_Task_:
Please print every record below exactly as it appears, but leave out the pictures.

_Record set_:
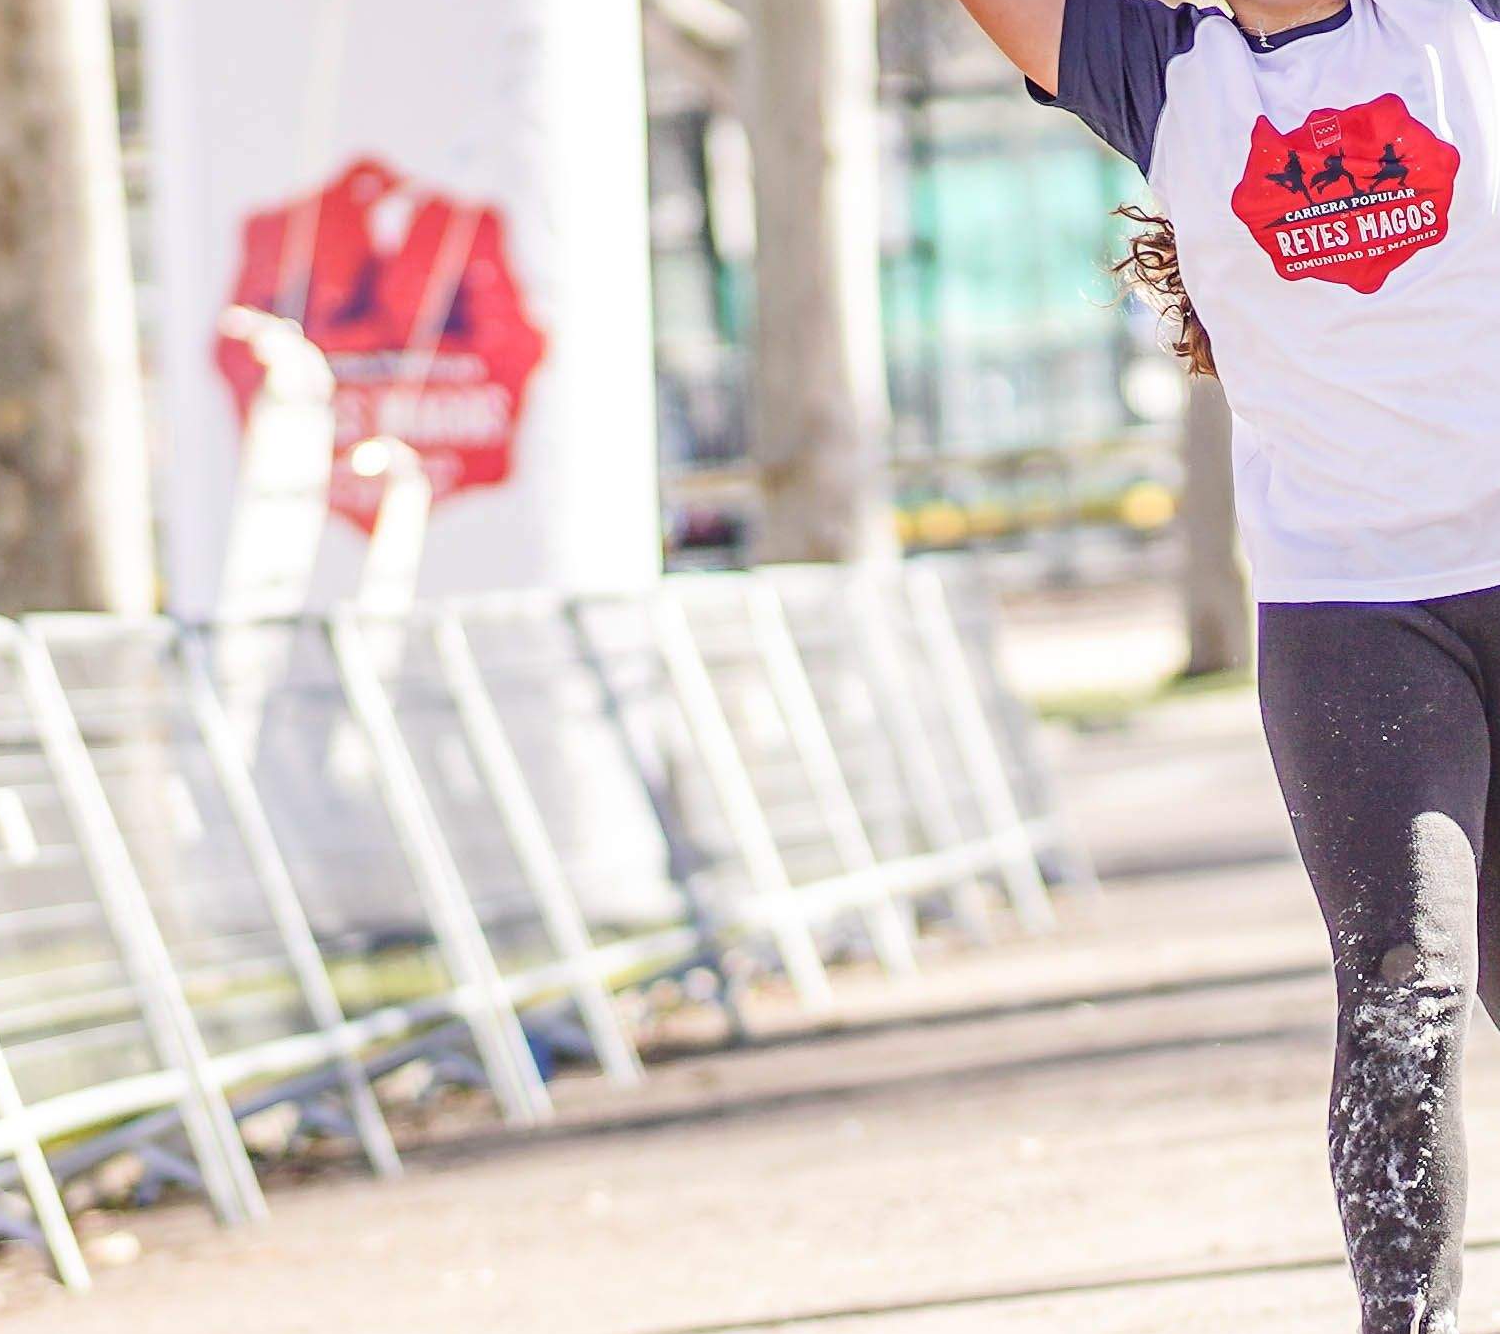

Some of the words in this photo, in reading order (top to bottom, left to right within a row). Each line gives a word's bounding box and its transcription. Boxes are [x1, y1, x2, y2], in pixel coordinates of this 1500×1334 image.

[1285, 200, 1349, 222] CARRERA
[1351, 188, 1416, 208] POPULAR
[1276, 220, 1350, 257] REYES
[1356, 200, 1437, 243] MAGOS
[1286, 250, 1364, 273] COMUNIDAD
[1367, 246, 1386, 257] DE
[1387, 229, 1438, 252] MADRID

_Answer to this exercise_:
Some of the words in this photo, in reading order (top to bottom, left to right within a row). Each line gives a word's bounding box and its transcription. Boxes are [x1, y1, x2, y2], in pixel coordinates of this 1500×1334 image.

[1285, 200, 1349, 222] CARRERA
[1351, 188, 1416, 208] POPULAR
[1276, 220, 1350, 257] REYES
[1356, 200, 1437, 243] MAGOS
[1286, 250, 1364, 273] COMUNIDAD
[1367, 246, 1386, 257] DE
[1387, 229, 1438, 252] MADRID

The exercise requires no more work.